Novel Phenanthrene and Anthracene Diketo Acids as Integrase Inhibitors For HIV Therapy
Health Sciences Technologies for Licensing
Current generation anti-HIV retroviral drugs fall into two categories, reverse transcriptase inhibitors or protease inhibitors. Although combination therapies using existing drugs have provided tremendous clinical benefits, drug resistance can and does develop, and there is a constant need for new therapeutics. In addition to new molecules that inhibit the two proven targets, many scientists are trying to develop drugs that target other HIV proteins. The HIV integrase protein, which catalyzes the integration of viral DNA into the host cell genome, is one of the targets being investigated for the next generation of antiretroviral drugs.
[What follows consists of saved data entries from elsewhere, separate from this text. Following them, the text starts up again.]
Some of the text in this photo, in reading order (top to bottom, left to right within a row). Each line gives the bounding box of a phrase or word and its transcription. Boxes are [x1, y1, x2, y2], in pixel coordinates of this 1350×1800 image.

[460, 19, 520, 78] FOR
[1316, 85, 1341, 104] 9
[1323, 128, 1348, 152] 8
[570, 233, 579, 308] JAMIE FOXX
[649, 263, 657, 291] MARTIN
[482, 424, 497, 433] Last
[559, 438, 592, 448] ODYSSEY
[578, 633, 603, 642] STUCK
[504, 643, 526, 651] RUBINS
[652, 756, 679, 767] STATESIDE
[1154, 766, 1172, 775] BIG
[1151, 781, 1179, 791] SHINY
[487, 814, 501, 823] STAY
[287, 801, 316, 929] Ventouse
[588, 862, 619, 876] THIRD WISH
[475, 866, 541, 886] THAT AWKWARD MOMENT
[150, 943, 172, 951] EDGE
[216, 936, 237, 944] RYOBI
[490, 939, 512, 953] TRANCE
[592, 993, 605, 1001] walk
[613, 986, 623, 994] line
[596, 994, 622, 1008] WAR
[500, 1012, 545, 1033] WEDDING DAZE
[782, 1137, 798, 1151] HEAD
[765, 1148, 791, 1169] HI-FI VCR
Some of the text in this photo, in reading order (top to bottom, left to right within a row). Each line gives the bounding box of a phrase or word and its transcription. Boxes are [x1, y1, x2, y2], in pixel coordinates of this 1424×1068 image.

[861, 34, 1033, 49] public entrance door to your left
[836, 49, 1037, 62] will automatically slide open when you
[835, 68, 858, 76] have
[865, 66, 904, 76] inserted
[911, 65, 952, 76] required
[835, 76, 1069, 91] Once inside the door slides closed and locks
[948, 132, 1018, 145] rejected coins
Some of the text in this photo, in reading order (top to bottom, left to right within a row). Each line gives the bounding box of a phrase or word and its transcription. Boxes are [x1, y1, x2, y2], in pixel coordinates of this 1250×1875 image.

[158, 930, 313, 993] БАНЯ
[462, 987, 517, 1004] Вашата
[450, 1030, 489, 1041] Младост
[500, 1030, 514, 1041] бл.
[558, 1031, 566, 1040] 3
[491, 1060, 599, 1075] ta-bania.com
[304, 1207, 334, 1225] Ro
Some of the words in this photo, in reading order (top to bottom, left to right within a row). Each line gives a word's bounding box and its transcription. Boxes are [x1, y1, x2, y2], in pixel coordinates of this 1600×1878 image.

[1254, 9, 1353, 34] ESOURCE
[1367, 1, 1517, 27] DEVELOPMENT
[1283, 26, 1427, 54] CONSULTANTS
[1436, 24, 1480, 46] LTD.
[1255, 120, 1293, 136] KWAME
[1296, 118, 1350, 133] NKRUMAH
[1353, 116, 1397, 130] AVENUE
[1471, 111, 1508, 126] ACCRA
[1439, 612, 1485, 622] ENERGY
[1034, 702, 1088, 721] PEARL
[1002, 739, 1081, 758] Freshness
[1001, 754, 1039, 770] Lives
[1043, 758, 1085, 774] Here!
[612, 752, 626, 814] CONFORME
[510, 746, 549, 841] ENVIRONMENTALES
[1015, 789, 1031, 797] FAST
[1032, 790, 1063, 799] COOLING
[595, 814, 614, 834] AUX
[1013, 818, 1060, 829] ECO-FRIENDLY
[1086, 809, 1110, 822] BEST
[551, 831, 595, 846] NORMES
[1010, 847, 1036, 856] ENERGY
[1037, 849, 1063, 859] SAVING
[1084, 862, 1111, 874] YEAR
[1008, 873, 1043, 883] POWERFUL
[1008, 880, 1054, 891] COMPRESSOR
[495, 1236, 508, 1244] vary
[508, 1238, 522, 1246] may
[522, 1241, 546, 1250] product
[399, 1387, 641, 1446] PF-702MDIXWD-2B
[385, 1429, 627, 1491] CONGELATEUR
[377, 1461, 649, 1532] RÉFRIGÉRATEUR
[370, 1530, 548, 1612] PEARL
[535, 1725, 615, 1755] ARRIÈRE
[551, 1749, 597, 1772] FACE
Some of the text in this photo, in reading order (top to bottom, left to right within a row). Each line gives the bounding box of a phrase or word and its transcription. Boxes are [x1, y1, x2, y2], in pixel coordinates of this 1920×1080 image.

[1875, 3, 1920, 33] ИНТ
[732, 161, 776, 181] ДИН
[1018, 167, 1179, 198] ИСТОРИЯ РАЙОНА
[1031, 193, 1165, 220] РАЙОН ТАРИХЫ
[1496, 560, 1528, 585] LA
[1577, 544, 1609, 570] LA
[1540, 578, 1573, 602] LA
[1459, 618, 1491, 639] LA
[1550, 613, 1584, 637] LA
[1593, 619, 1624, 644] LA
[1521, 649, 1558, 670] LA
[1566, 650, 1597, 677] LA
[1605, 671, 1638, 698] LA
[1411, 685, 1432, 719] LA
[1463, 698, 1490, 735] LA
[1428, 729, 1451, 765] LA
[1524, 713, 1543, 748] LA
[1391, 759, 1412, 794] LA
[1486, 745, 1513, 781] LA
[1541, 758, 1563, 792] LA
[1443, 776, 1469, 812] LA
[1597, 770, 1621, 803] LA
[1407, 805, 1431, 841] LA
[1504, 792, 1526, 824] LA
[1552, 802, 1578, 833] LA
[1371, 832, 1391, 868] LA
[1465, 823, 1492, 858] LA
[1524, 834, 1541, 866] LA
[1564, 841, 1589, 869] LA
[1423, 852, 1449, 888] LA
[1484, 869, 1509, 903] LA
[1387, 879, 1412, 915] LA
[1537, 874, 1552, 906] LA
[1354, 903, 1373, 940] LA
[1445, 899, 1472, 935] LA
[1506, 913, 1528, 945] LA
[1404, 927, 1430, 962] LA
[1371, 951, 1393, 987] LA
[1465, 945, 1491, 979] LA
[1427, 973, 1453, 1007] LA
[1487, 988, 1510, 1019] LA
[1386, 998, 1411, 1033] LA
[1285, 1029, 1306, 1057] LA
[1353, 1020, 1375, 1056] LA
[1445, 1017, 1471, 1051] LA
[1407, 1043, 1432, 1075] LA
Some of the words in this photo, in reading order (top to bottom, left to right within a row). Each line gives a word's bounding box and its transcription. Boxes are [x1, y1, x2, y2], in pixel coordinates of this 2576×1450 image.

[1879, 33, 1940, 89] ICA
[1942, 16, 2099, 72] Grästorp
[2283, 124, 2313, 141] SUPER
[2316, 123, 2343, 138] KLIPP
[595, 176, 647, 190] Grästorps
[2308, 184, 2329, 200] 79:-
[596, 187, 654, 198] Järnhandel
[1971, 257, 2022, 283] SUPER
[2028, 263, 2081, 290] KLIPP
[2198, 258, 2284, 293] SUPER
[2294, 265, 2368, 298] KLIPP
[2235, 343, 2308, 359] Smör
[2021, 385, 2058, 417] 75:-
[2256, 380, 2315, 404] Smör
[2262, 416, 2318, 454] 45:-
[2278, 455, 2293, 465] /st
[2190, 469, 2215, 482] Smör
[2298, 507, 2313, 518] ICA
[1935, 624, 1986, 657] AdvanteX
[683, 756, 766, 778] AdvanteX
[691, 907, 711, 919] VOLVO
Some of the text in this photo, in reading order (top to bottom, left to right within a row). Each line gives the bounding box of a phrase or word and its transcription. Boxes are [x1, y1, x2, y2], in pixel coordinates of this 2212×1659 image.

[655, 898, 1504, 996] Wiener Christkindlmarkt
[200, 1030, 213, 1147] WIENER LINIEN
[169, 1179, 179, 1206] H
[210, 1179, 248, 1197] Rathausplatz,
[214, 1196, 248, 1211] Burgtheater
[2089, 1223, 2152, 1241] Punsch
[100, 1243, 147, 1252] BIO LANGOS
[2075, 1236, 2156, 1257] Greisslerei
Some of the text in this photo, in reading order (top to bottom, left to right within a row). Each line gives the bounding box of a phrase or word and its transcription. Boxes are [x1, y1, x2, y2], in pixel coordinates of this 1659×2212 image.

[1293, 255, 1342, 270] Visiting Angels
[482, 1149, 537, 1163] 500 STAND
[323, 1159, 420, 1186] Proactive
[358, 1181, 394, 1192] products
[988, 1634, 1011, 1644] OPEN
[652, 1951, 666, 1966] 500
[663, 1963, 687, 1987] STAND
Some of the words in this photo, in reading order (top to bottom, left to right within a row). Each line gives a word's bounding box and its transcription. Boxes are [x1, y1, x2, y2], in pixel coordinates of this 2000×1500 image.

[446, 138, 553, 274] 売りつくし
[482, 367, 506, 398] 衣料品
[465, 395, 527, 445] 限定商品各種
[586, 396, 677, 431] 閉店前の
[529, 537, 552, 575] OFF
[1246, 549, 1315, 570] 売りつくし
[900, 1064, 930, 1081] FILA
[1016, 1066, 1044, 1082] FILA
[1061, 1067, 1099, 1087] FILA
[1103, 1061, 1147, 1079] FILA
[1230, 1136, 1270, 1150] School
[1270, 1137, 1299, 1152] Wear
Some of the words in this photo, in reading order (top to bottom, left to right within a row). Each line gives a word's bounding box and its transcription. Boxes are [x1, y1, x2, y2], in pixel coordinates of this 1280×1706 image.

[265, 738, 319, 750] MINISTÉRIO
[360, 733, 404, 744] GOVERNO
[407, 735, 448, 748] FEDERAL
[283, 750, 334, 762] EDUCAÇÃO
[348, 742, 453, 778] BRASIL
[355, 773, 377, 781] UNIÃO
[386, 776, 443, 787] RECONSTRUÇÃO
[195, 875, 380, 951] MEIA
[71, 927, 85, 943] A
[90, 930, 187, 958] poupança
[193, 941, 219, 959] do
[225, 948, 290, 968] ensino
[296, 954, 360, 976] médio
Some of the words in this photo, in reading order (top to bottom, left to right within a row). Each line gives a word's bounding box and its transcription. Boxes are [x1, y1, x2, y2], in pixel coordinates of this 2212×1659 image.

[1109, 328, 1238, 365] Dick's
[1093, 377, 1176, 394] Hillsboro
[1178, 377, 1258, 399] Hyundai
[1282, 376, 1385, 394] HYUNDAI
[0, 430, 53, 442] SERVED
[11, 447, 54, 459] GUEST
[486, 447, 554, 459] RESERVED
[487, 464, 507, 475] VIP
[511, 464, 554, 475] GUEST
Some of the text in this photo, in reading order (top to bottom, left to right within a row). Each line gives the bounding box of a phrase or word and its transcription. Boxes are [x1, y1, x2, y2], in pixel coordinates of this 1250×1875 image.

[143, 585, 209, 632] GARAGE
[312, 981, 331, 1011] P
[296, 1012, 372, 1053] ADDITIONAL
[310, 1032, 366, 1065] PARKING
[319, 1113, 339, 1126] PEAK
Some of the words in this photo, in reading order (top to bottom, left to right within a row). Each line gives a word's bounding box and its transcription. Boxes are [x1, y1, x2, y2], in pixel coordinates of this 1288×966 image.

Researchers at the University of Tennessee have identified phenanthrene and anthracene diketo acids that bind to and inhibit the HIV integrase protein. Novel compounds exhibited a sub-micromolar IC50 in inhibiting integrase activity. One inhibitor, 2,4-dioxo-4-phenanthren-9-yl-butyric acid, had an IC50 of 0.38 μM against integrase strand transfer. Some of the potent compounds inhibited HIV-1 replication in human peripheral blood mononuclear cells (PBMC) with EC50 down to 8 μM with a selectivity index of 10 against PBMCs. The researchers continue to refine and screen new compounds using computational modeling and binding simulations, and expect to develop even more effective compounds.
- There is a general selectivity against the integrase strand transfer step
- Low cytotoxicity during in vitro studies
- US 200900884444